Dataset entries
----

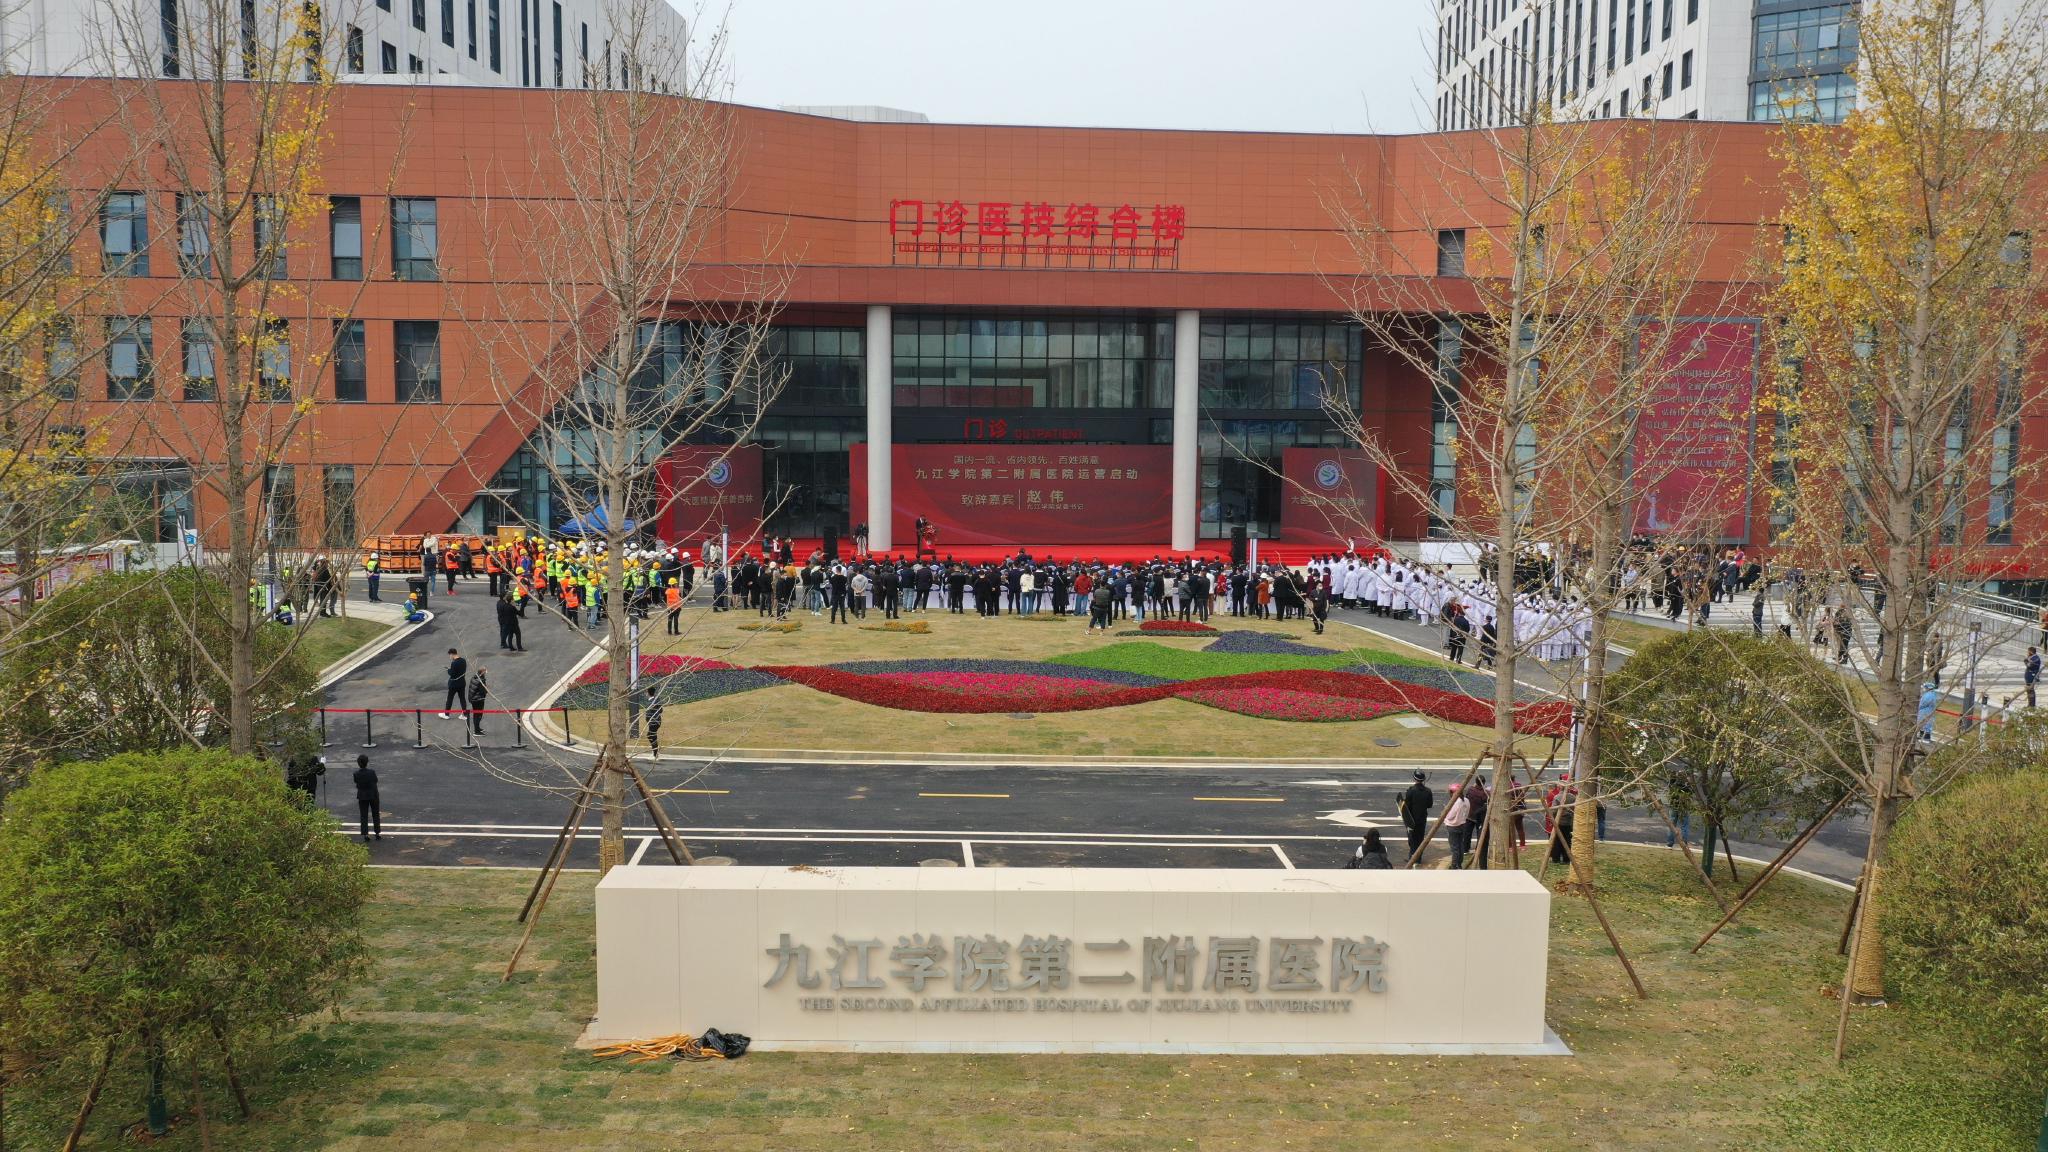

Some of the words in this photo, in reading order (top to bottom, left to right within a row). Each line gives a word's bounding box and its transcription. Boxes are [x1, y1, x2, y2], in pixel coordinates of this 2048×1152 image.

[889, 199, 1186, 240] 门诊医技综合楼
[963, 416, 1008, 440] 门诊
[915, 468, 1138, 480] 九江学院第二附属医院运营启动
[961, 494, 1015, 506] 致辞嘉宾
[762, 932, 1391, 994] 九江学院第二附属医院
[799, 998, 835, 1011] THE
[839, 998, 914, 1011] SECOND
[919, 998, 1029, 1011] AFFILIATED
[1033, 998, 1122, 1012] HOSPITAL
[1127, 999, 1151, 1012] OF
[1156, 999, 1240, 1012] JIUJIANG
[1245, 999, 1353, 1012] UNIVERSITY

----

→ **WHAT IS BEING ASKED**:
From the first line to the last, set down the data exactly, without the pictures.

→ **OUTPUT BELOW**:
Some of the words in this photo, in reading order (top to bottom, left to right within a row). Each line gives a word's bounding box and its transcription. Boxes are [x1, y1, x2, y2], in pixel coordinates of this 2048×1152 image.

[889, 199, 1186, 240] 门诊医技综合楼
[963, 416, 1008, 440] 门诊
[915, 468, 1138, 480] 九江学院第二附属医院运营启动
[961, 494, 1015, 506] 致辞嘉宾
[762, 932, 1391, 994] 九江学院第二附属医院
[799, 998, 835, 1011] THE
[839, 998, 914, 1011] SECOND
[919, 998, 1029, 1011] AFFILIATED
[1033, 998, 1122, 1012] HOSPITAL
[1127, 999, 1151, 1012] OF
[1156, 999, 1240, 1012] JIUJIANG
[1245, 999, 1353, 1012] UNIVERSITY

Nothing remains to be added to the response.